- **TASK DIRECTIONS**
Give the listing again exactly, omitting its images.

- **MATERIAL PROVIDED**
::::

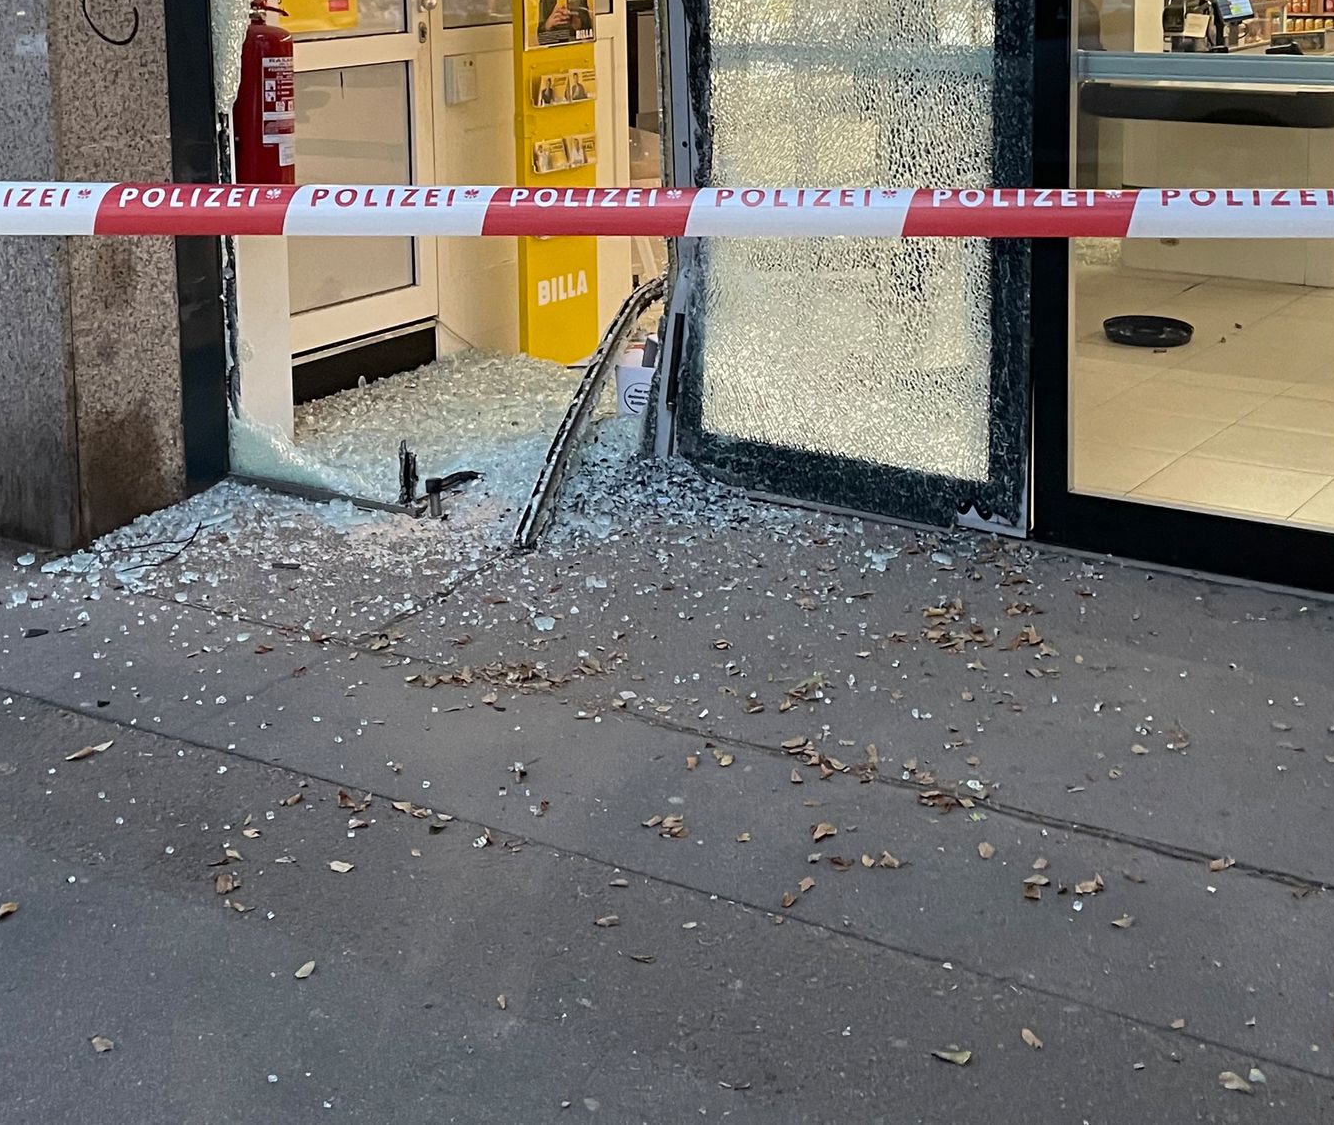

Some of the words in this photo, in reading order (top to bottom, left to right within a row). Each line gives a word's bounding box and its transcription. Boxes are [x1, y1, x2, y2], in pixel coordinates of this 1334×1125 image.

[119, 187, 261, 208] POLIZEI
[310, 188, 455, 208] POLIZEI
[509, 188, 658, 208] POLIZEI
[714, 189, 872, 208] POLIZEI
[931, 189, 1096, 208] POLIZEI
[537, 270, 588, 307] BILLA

::::

- **TASK SOLUTION**
Some of the words in this photo, in reading order (top to bottom, left to right within a row). Each line gives a word's bounding box and its transcription. Boxes are [x1, y1, x2, y2], in pixel coordinates of this 1334×1125 image.

[119, 187, 261, 208] POLIZEI
[310, 188, 455, 208] POLIZEI
[509, 188, 658, 208] POLIZEI
[714, 189, 872, 208] POLIZEI
[931, 189, 1096, 208] POLIZEI
[537, 270, 588, 307] BILLA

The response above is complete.